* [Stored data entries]
= = = = =

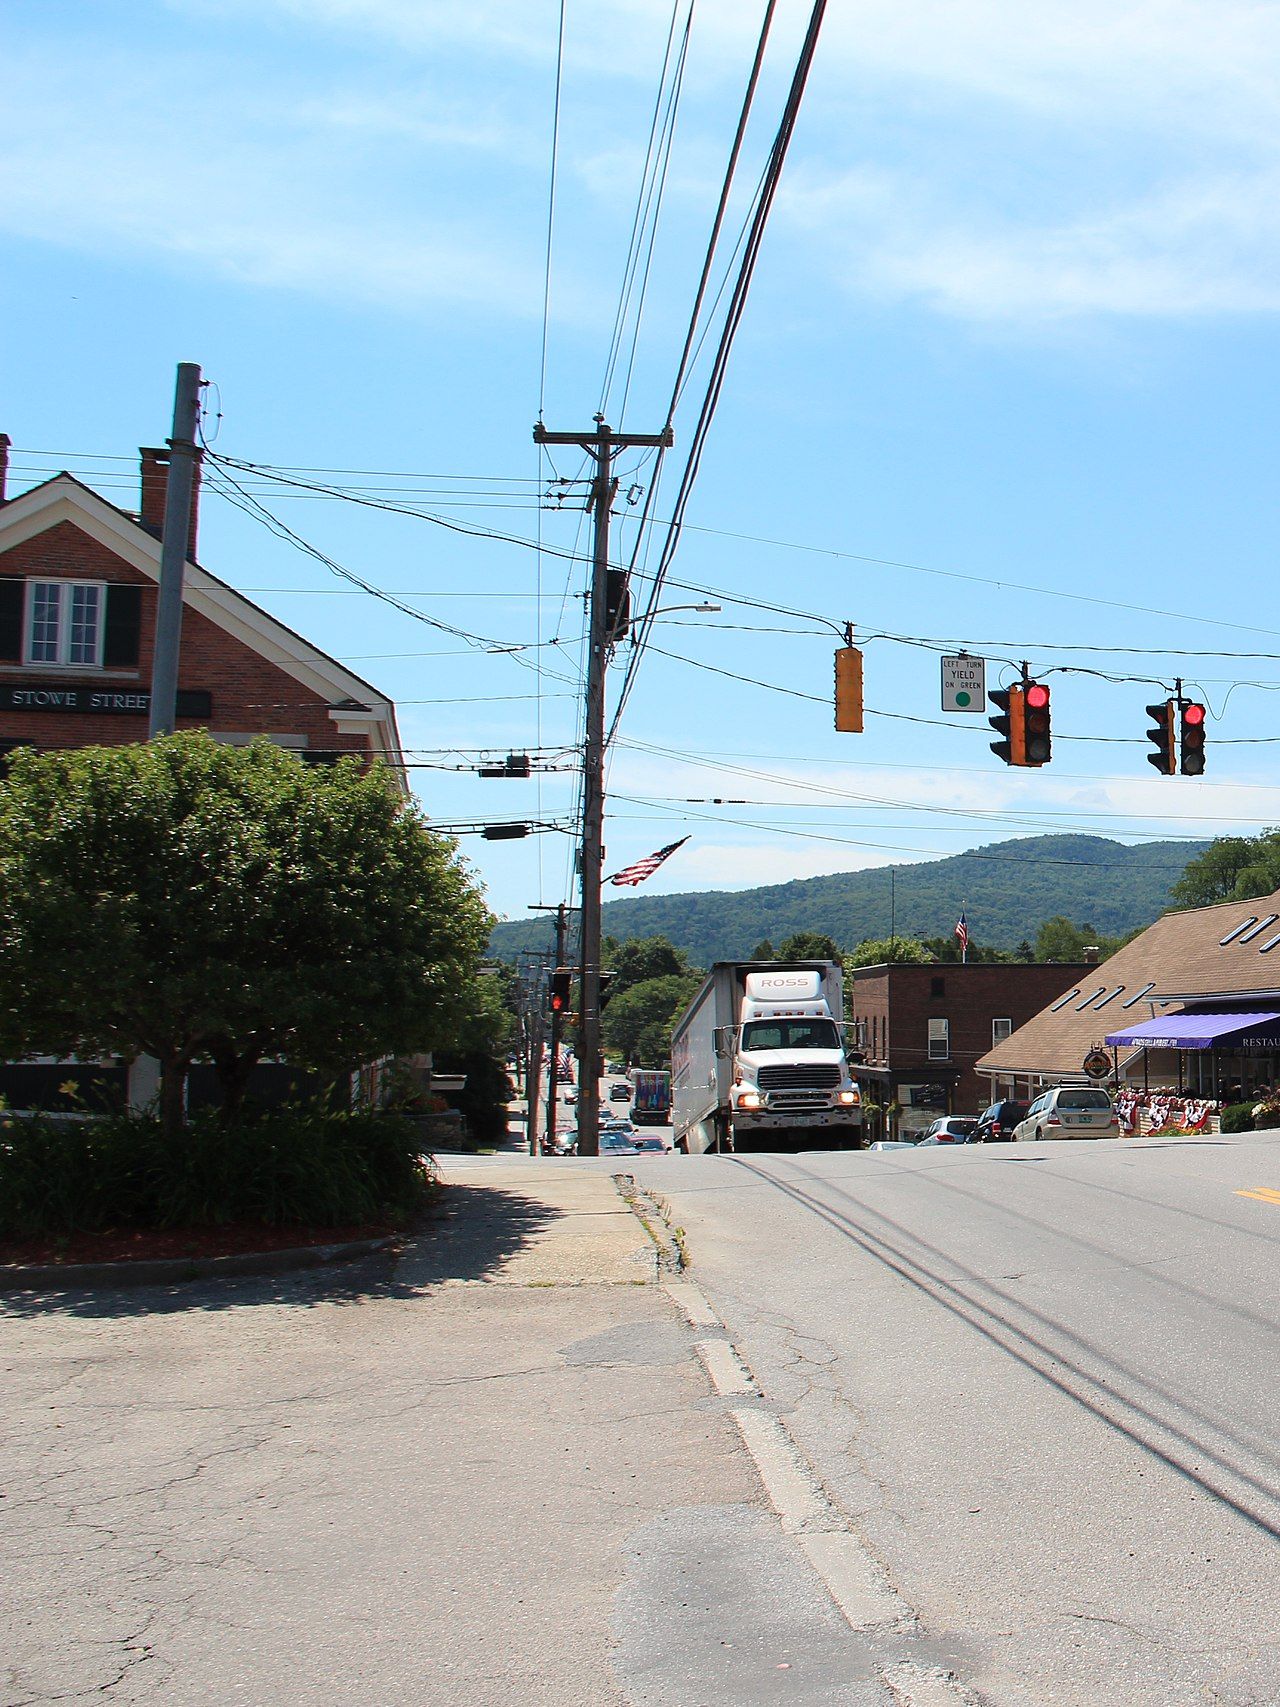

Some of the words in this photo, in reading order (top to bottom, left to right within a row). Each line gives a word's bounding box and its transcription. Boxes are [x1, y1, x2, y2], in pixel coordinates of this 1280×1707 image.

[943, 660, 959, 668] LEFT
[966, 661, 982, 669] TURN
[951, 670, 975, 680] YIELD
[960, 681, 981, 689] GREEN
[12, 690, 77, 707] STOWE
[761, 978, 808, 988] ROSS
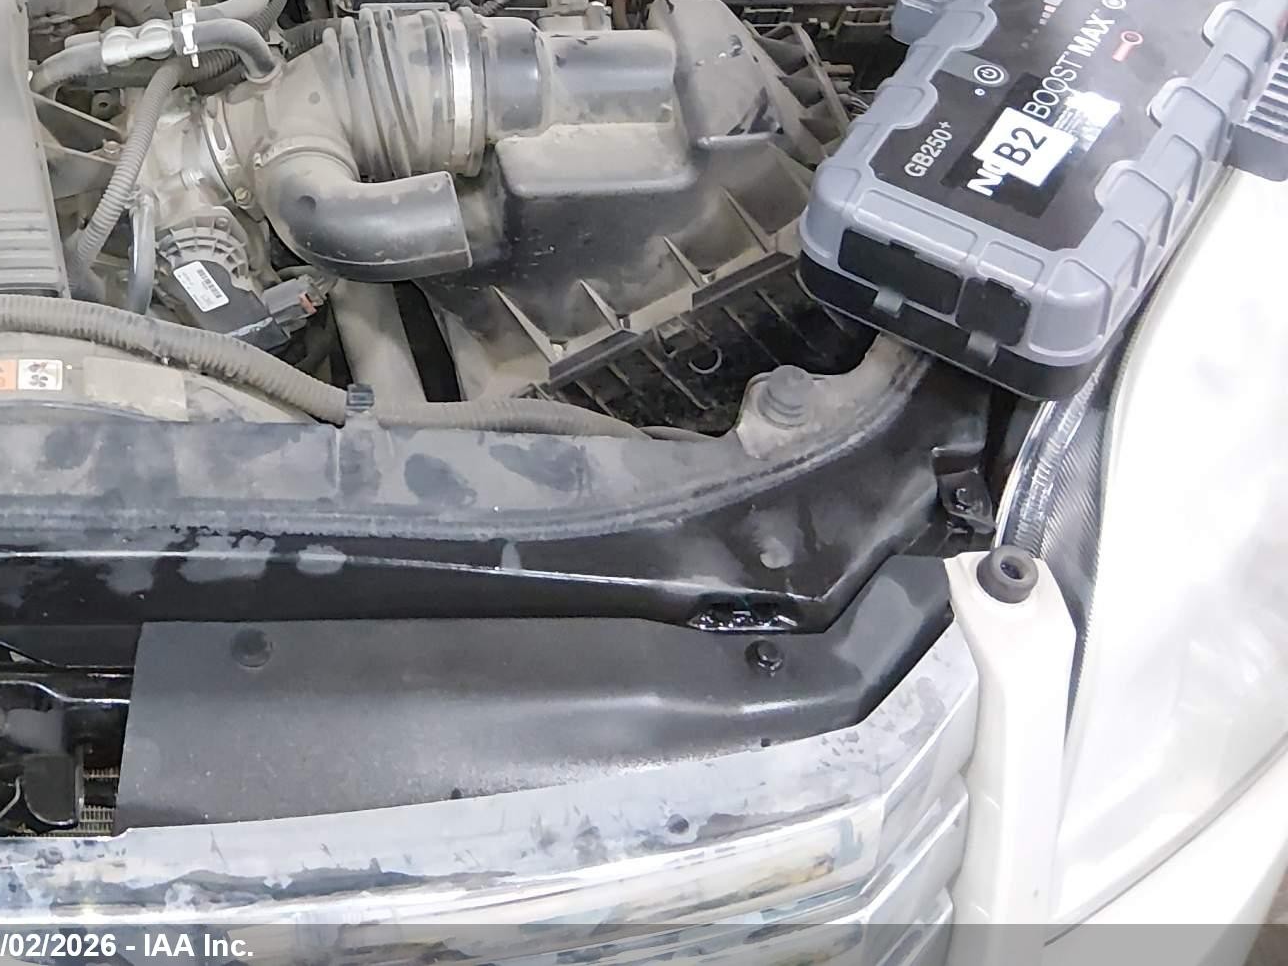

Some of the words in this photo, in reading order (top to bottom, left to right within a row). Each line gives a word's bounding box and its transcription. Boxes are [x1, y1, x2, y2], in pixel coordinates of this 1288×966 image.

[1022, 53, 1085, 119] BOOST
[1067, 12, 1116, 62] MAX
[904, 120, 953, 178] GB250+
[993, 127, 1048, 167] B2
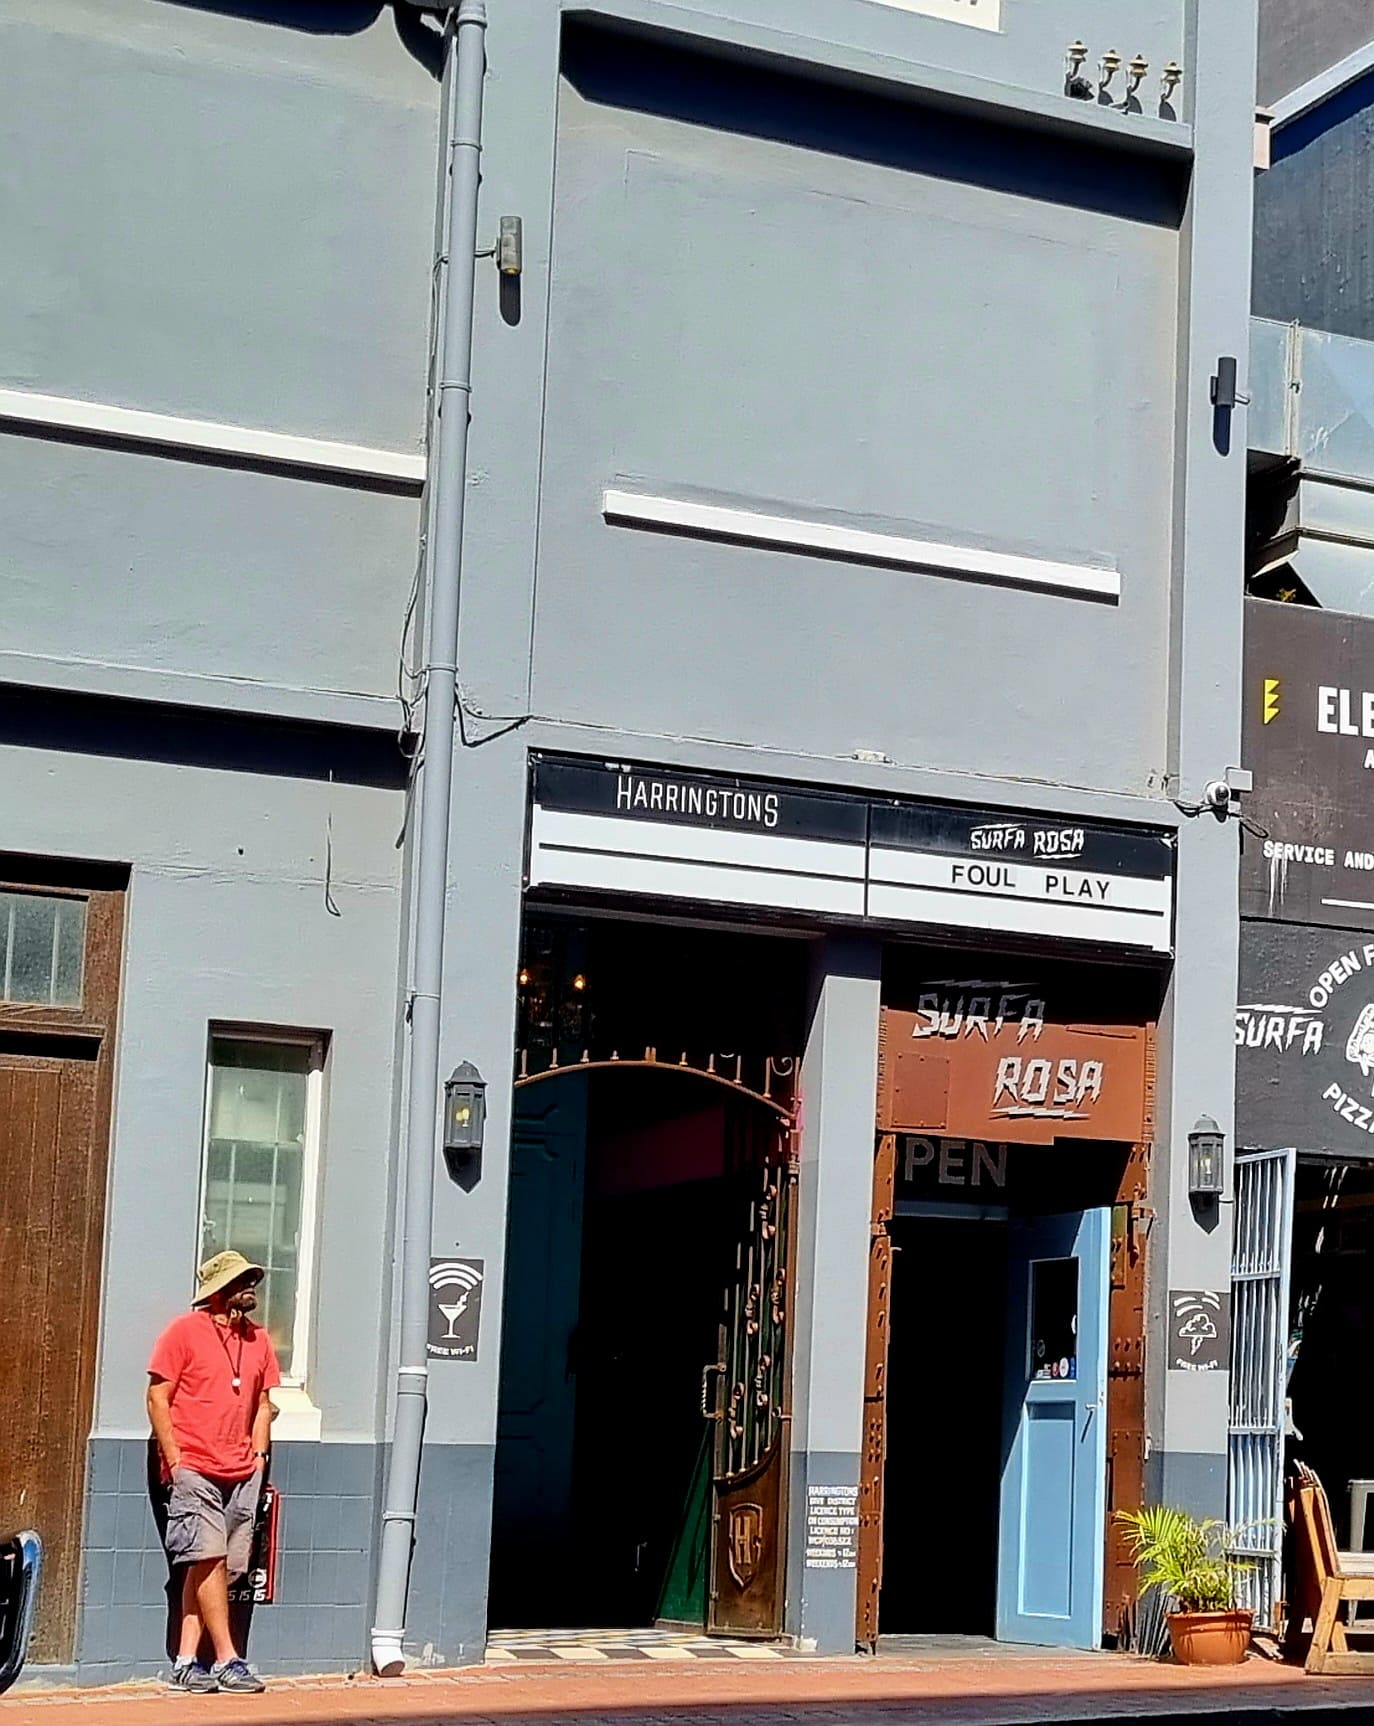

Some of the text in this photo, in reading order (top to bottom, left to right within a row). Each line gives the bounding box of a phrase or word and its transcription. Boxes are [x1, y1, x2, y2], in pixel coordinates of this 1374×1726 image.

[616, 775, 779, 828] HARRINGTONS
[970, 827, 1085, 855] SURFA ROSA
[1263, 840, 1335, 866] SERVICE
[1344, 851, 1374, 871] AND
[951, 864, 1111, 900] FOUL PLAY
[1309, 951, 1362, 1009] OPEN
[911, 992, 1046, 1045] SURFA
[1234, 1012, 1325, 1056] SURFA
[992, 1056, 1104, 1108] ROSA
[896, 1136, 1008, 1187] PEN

= = = = =

* [WHAT IS REQUIRED] Starting from the line that contains "Some of the text", transcribe each line to the end of the records above. Please add nothing.

* [REPLY TO THE TASK]
Some of the text in this photo, in reading order (top to bottom, left to right within a row). Each line gives the bounding box of a phrase or word and its transcription. Boxes are [x1, y1, x2, y2], in pixel coordinates of this 1374×1726 image.

[616, 775, 779, 828] HARRINGTONS
[970, 827, 1085, 855] SURFA ROSA
[1263, 840, 1335, 866] SERVICE
[1344, 851, 1374, 871] AND
[951, 864, 1111, 900] FOUL PLAY
[1309, 951, 1362, 1009] OPEN
[911, 992, 1046, 1045] SURFA
[1234, 1012, 1325, 1056] SURFA
[992, 1056, 1104, 1108] ROSA
[896, 1136, 1008, 1187] PEN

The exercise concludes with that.